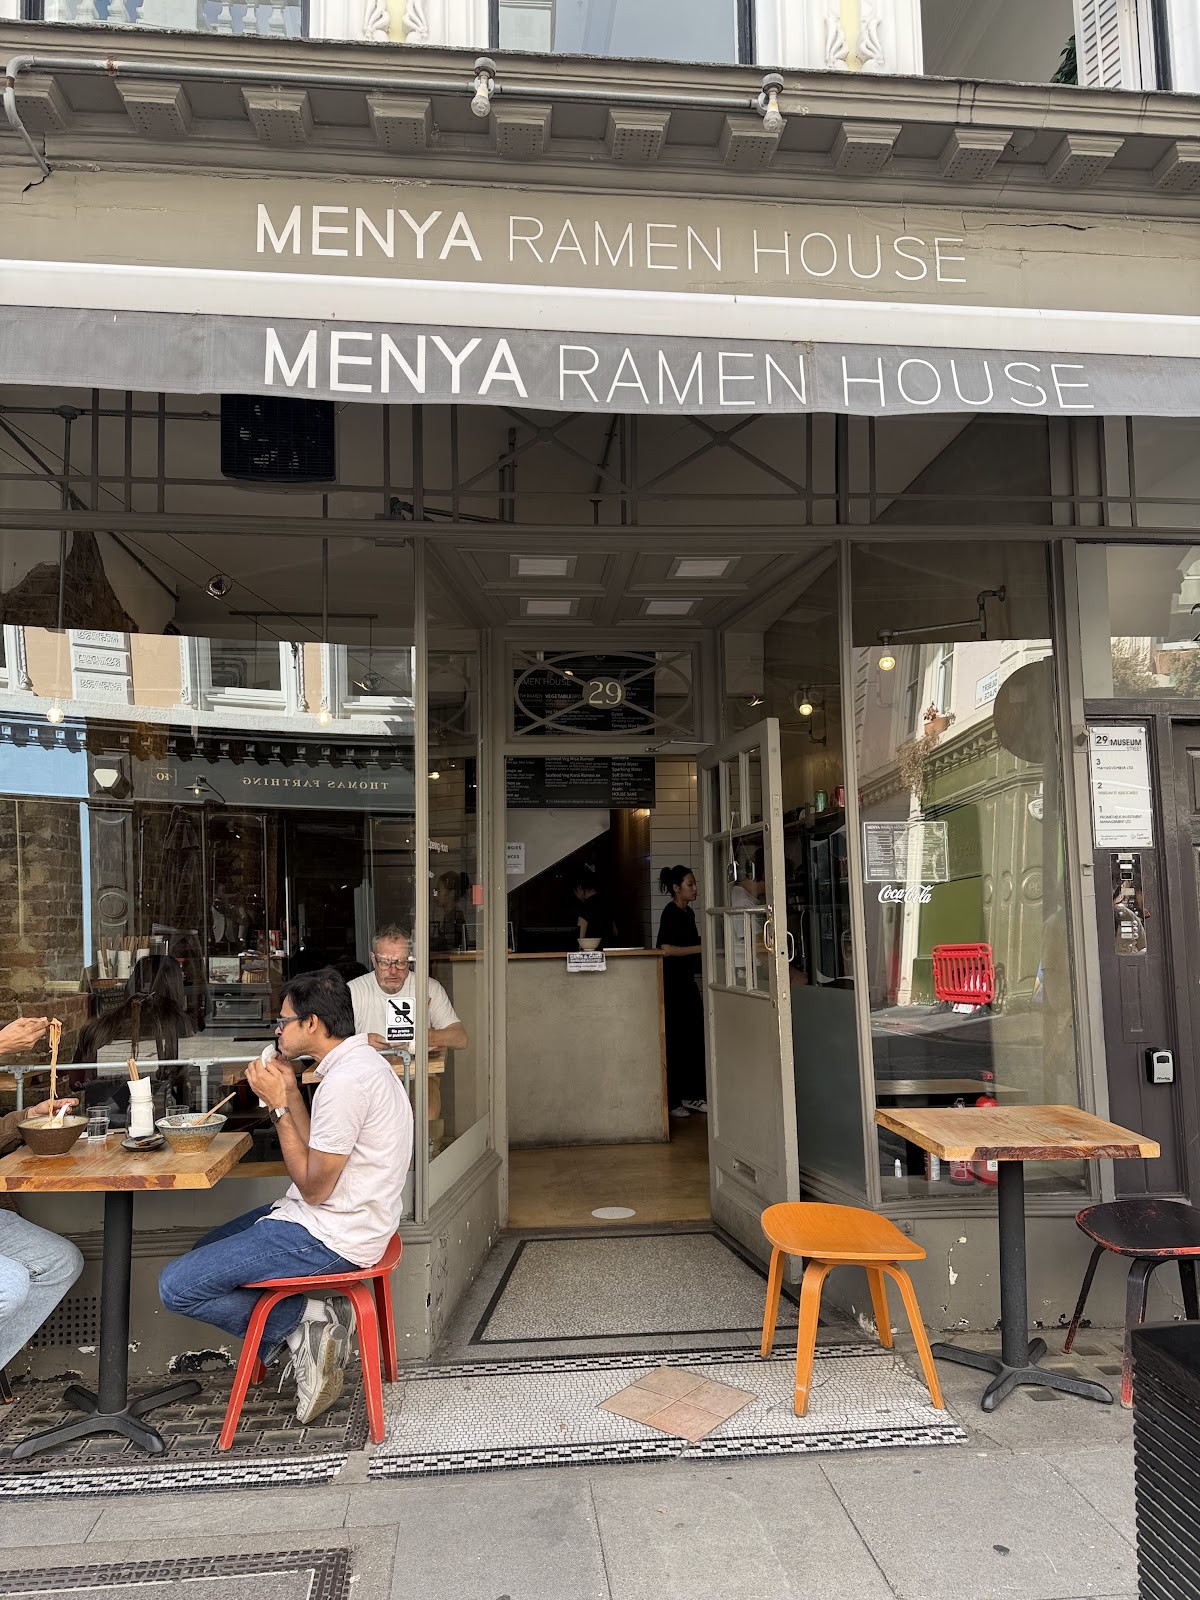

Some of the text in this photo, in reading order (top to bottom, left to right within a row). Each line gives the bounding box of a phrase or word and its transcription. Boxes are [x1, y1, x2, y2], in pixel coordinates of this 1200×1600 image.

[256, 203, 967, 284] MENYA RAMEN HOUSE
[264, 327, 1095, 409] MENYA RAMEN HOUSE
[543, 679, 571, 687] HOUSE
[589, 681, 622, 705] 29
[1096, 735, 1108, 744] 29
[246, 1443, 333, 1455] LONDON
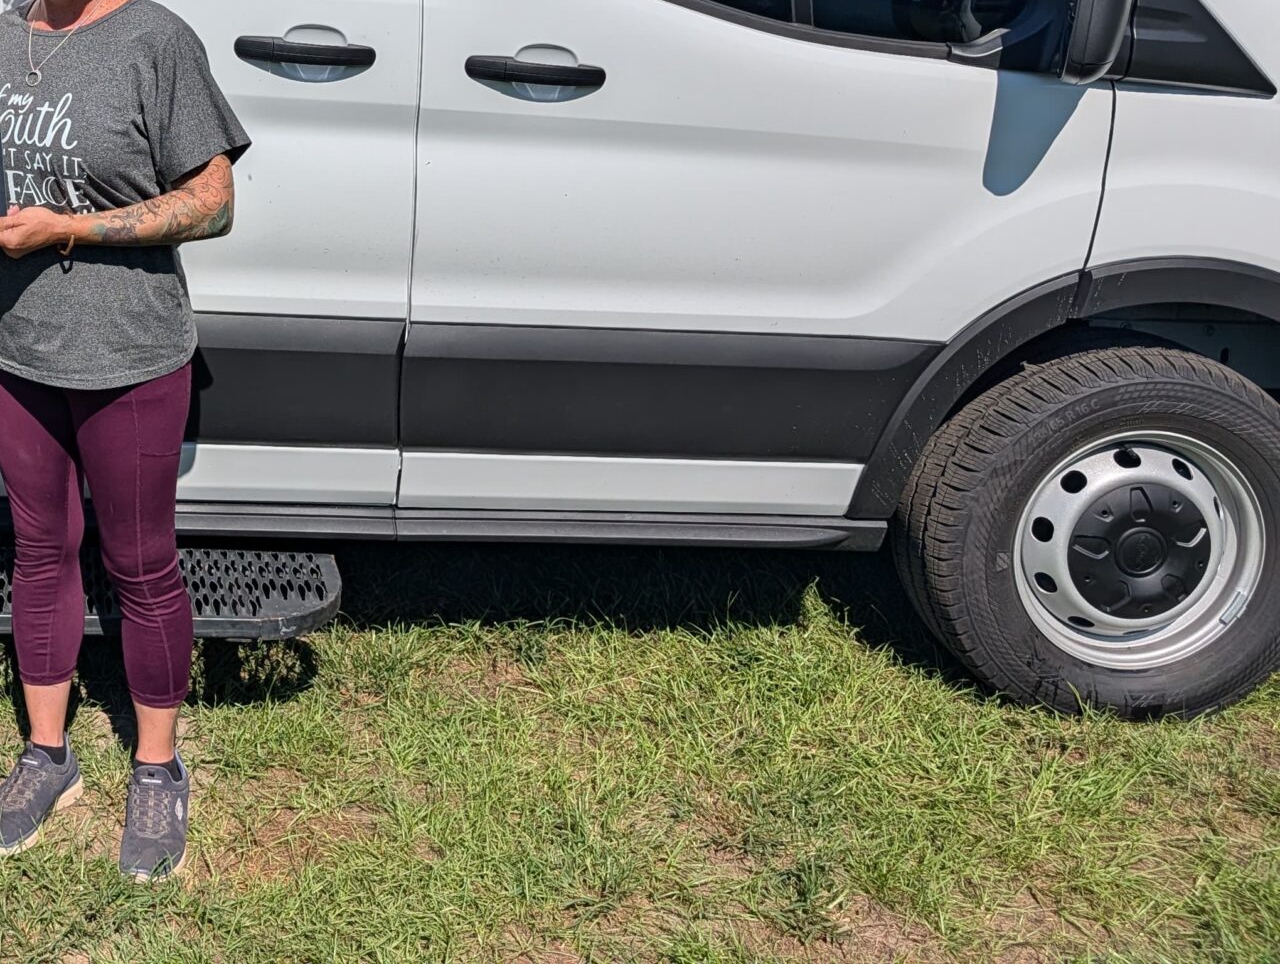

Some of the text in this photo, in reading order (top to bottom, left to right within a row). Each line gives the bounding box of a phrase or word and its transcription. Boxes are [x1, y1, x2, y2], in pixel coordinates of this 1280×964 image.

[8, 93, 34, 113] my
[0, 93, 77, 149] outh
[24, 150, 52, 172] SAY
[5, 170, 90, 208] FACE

Activity:
Everything from the line containing "this 1280×964 image." to the final line of the entries above should be output exactly, and nothing more.

Task solution:
Some of the text in this photo, in reading order (top to bottom, left to right within a row). Each line gives the bounding box of a phrase or word and its transcription. Boxes are [x1, y1, x2, y2], in pixel coordinates of this 1280×964 image.

[8, 93, 34, 113] my
[0, 93, 77, 149] outh
[24, 150, 52, 172] SAY
[5, 170, 90, 208] FACE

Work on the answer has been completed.